-- DATA SHOWN follows --
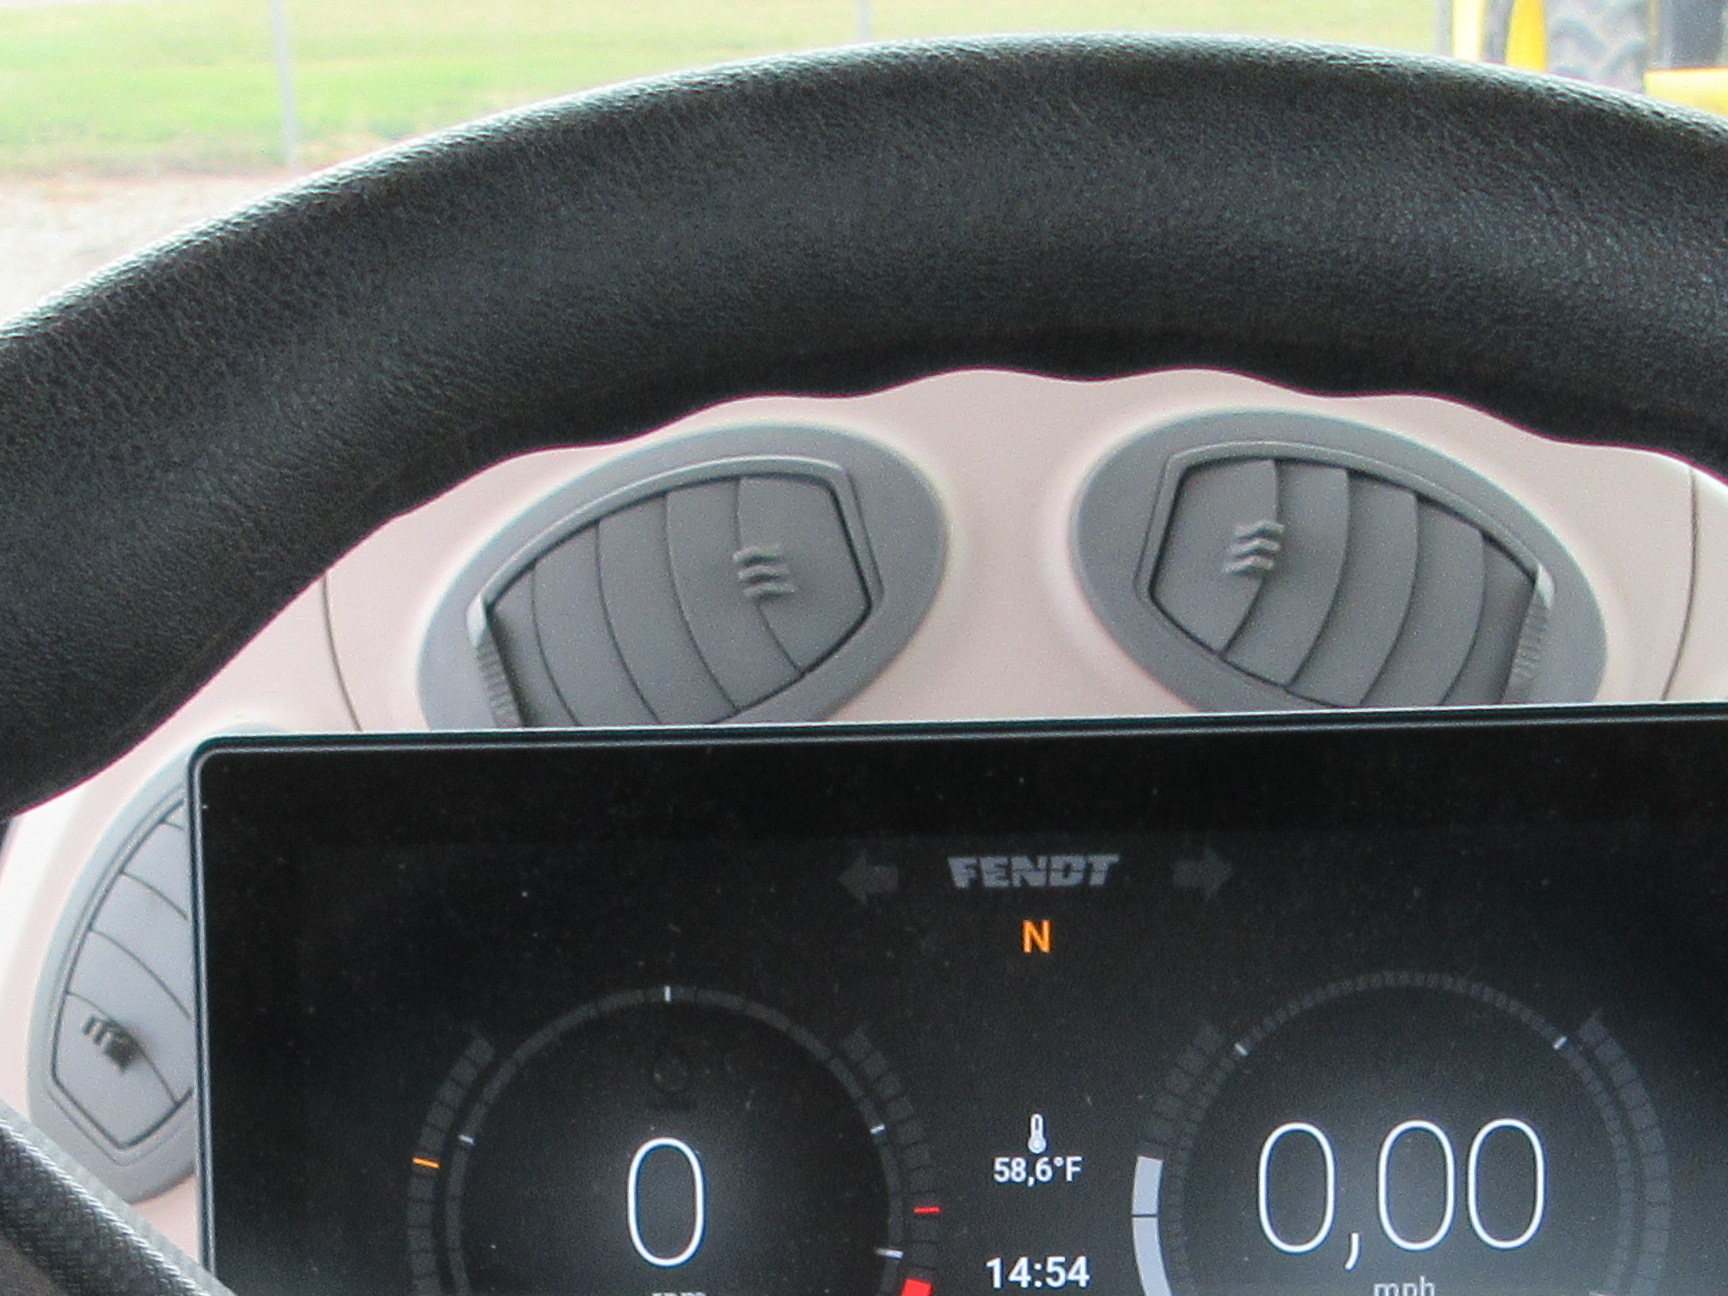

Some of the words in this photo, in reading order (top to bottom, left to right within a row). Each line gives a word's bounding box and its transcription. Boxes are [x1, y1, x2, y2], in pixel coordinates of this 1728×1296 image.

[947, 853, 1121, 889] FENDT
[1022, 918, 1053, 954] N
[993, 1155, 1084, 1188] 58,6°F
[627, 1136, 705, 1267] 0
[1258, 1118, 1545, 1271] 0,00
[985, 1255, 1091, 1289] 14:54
-- DATA SHOWN concluded --
REQUIRED WORK »
I would like the material above returned exactly as it stands, without its pictures.

SOLUTION BELOW »
Some of the words in this photo, in reading order (top to bottom, left to right within a row). Each line gives a word's bounding box and its transcription. Boxes are [x1, y1, x2, y2], in pixel coordinates of this 1728×1296 image.

[947, 853, 1121, 889] FENDT
[1022, 918, 1053, 954] N
[993, 1155, 1084, 1188] 58,6°F
[627, 1136, 705, 1267] 0
[1258, 1118, 1545, 1271] 0,00
[985, 1255, 1091, 1289] 14:54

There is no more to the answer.